Jumlah “kematian akibat kekerasan” di Gaza selama 16 bulan pertama genosida Israel melebihi 75.000 jiwa. Jumlah ini jauh lebih tinggi daripada angka resmi pada saat itu, menurut sebuah makalah baru dari jurnal The Lancet Global Health.
Survei yang dilakukan oleh jurnal tersebut memperkirakan 75.200 “kematian akibat kekerasan” di Gaza antara 7 Oktober 2023 dan 5 Januari 2025. Pada periode yang sama, Kementerian Kesehatan Palestina melaporkan jumlah korban jiwa sebanyak 49.090. Namun, studi terbaru yang terbit pada Rabu menunjukkan bahwa angka sebenarnya sekitar 35 persen lebih tinggi.
Para peneliti juga menemukan bahwa proporsi perempuan, anak-anak, dan lansia yang terbunuh di Gaza, sebagaimana laporan petugas kesehatan, adalah akurat. Studi tersebut menemukan bahwa 42.200 perempuan, anak-anak, dan lansia terbunuh sejak 7 Oktober 2023 hingga 5 Januari 2025, atau 56 persen dari total korban keseluruhan.

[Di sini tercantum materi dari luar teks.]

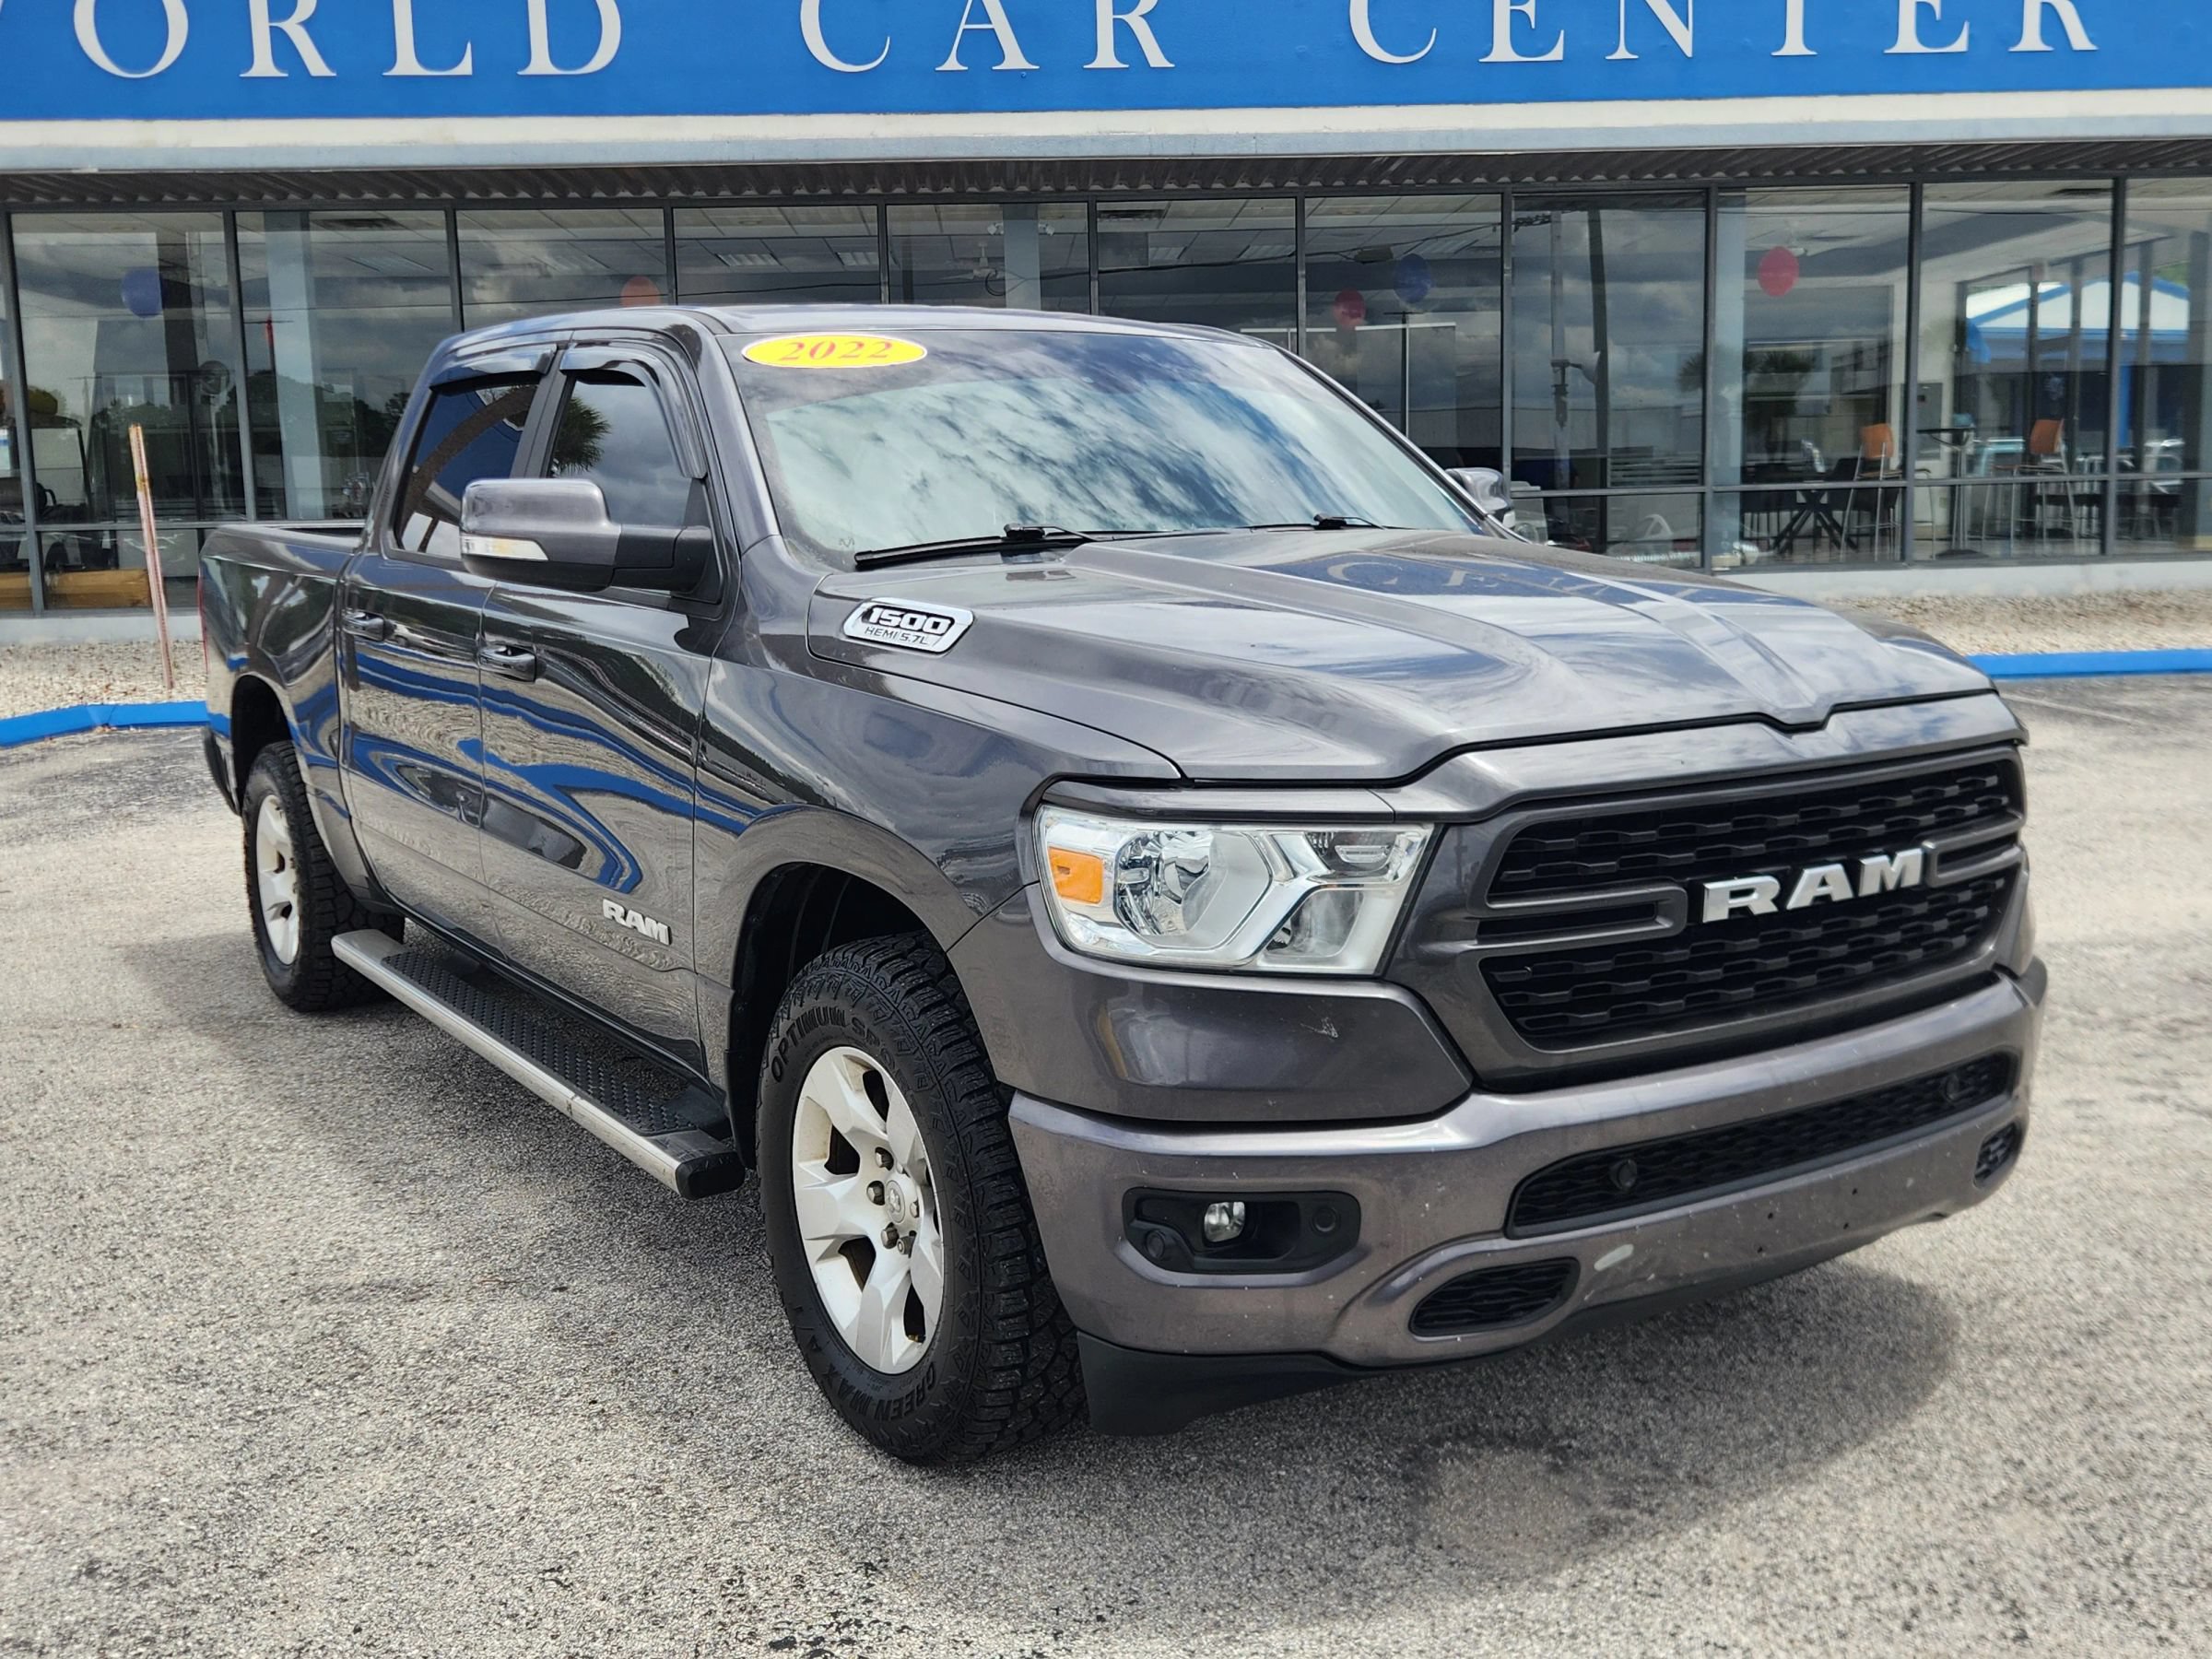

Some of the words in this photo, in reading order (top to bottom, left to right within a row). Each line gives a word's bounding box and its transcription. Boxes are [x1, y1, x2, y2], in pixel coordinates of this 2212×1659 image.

[0, 0, 622, 78] ORLD
[799, 0, 1175, 73] CAR
[778, 340, 893, 361] 2022
[865, 626, 898, 640] HEMI
[900, 632, 929, 646] 5.7L
[868, 607, 952, 635] 1500
[1702, 847, 1924, 924] RAM
[602, 898, 671, 946] RAM
[771, 1006, 847, 1083] OPTIMUM
[874, 1361, 937, 1421] GREEN
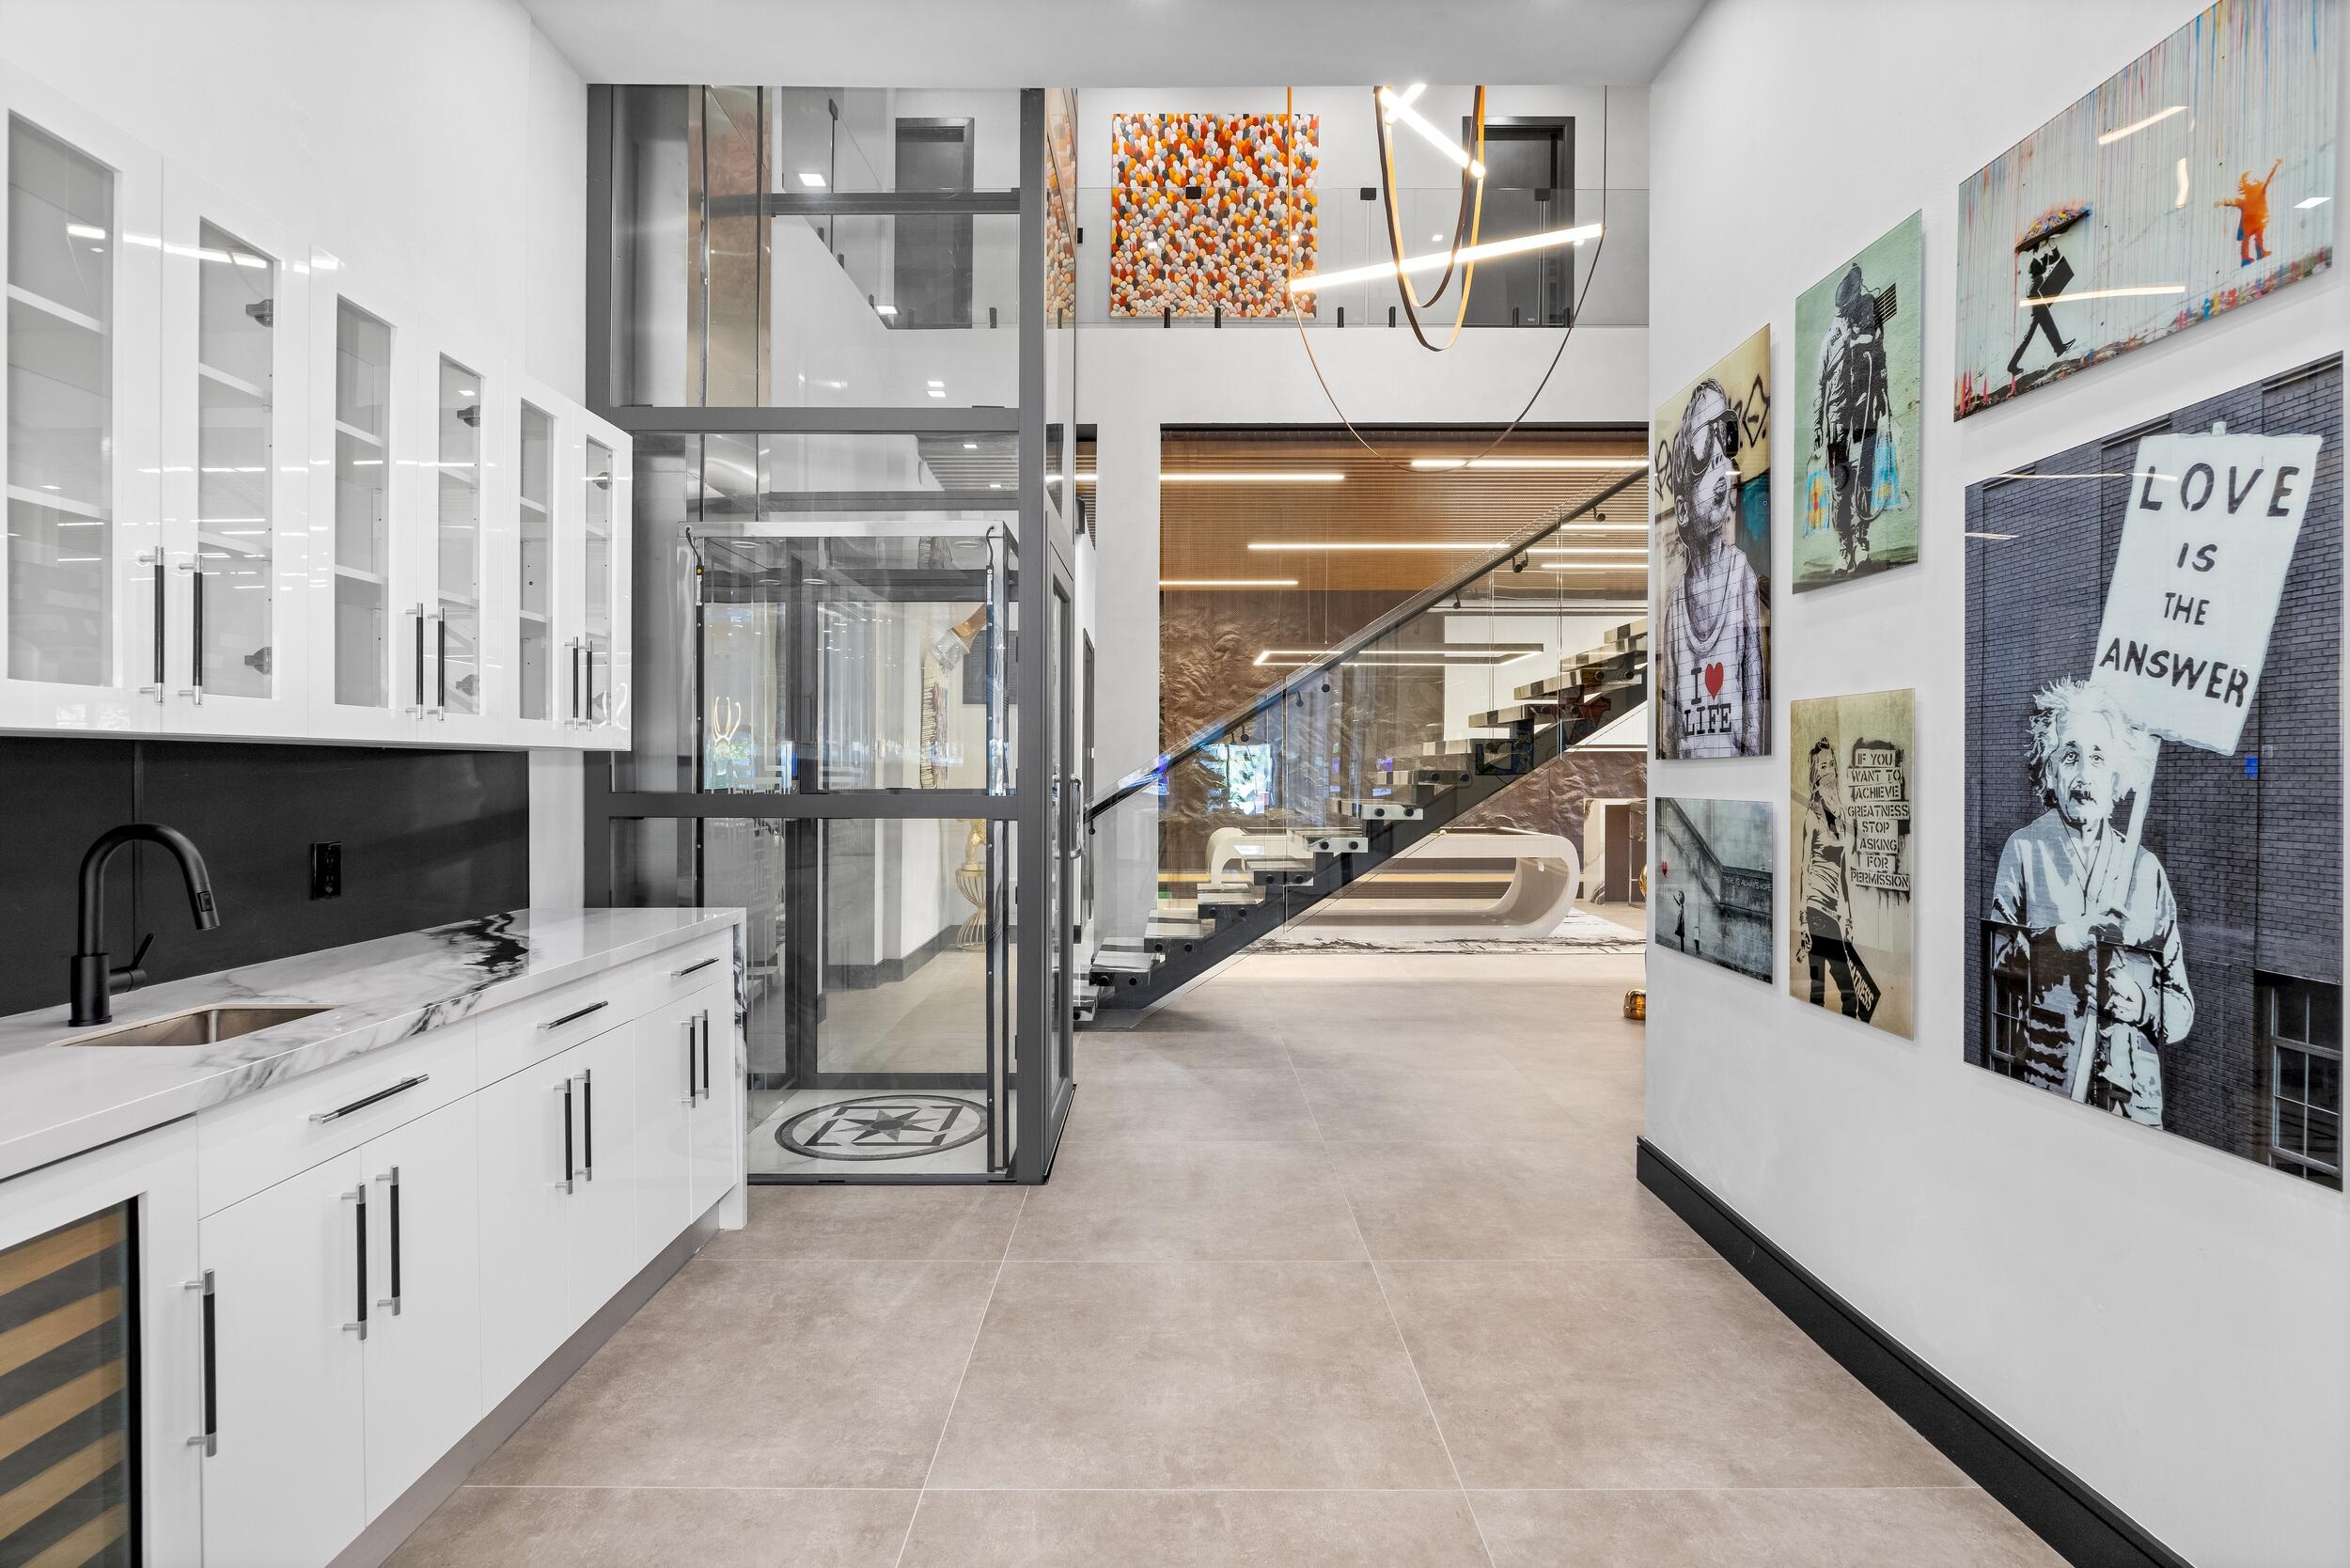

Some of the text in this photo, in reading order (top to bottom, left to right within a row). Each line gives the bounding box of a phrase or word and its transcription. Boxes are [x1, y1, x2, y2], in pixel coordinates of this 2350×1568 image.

[2139, 463, 2300, 517] LOVE
[2176, 542, 2218, 572] IS
[2164, 592, 2210, 626] THE
[2098, 637, 2249, 708] ANSWER
[1691, 667, 1701, 705] I
[1684, 703, 1732, 737] LIFE
[1857, 752, 1893, 766] IF YOU
[1851, 769, 1902, 783] WANT TO
[1856, 785, 1900, 800] ACHIEVE
[1847, 805, 1909, 818] GREATNESS
[1862, 821, 1890, 834] STOP
[1859, 838, 1898, 852] ASKING
[1867, 855, 1888, 870] FOR
[1850, 870, 1909, 888] PERMISSION

“Bukti gabungan menunjukkan bahwa hingga 5 Januari 2025, sebanyak 3,4% penduduk Jalur Gaza telah meninggal akibat kekerasan. Salah seorang penulisnya adalah Michael Spagat, seorang profesor ekonomi di Royal Holloway. Ia mengatakan bahwa studi tersebut menunjukkan tambahan 8.200 kematian di Gaza hingga Januari 2025. Ini merupakan akibat dari dampak tidak langsung, termasuk kekurangan gizi dan penyakit yang tidak mendapatkan perawatan.
Studi ini melibatkan wawancara dengan 2.000 rumah tangga yang mewakili 9.729 individu di Gaza. Mereka dipilih dengan cermat oleh peneliti untuk mewakili populasi. Para peneliti meminta mereka untuk memberikan rincian tentang kematian di antara anggota keluarga.
Survei Representatif Pertama yang Mengungkap Jumlah Korban Genosida
Para peneliti mengatakan bahwa, sepengetahuan mereka, ini adalah survei rumah tangga representatif pertama selama genosida Israel di Gaza. Sementara itu, hingga pekan ini, Kementerian Kesehatan Gaza menyatakan setidaknya 72.063 orang telah meninggal akibat serangan pasukan Israel sejak Oktober 2023.
Israel telah lama mempertanyakan angka-angka dari kementerian kesehatan. Akan tetapi, bulan lalu seorang pejabat militer Israel mengatakan bahwa mereka tidak menolak keterangan bahwa ada sekitar 70.000 orang yang telah meninggal di Gaza.